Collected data
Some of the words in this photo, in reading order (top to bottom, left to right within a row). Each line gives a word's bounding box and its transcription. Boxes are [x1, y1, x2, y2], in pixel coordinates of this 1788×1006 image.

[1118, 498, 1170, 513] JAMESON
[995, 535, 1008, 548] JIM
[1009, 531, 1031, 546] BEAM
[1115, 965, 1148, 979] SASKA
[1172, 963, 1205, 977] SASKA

**What is required:**
All of the entries above need to be printed again exactly.

**Solution:**
Some of the words in this photo, in reading order (top to bottom, left to right within a row). Each line gives a word's bounding box and its transcription. Boxes are [x1, y1, x2, y2], in pixel coordinates of this 1788×1006 image.

[1118, 498, 1170, 513] JAMESON
[995, 535, 1008, 548] JIM
[1009, 531, 1031, 546] BEAM
[1115, 965, 1148, 979] SASKA
[1172, 963, 1205, 977] SASKA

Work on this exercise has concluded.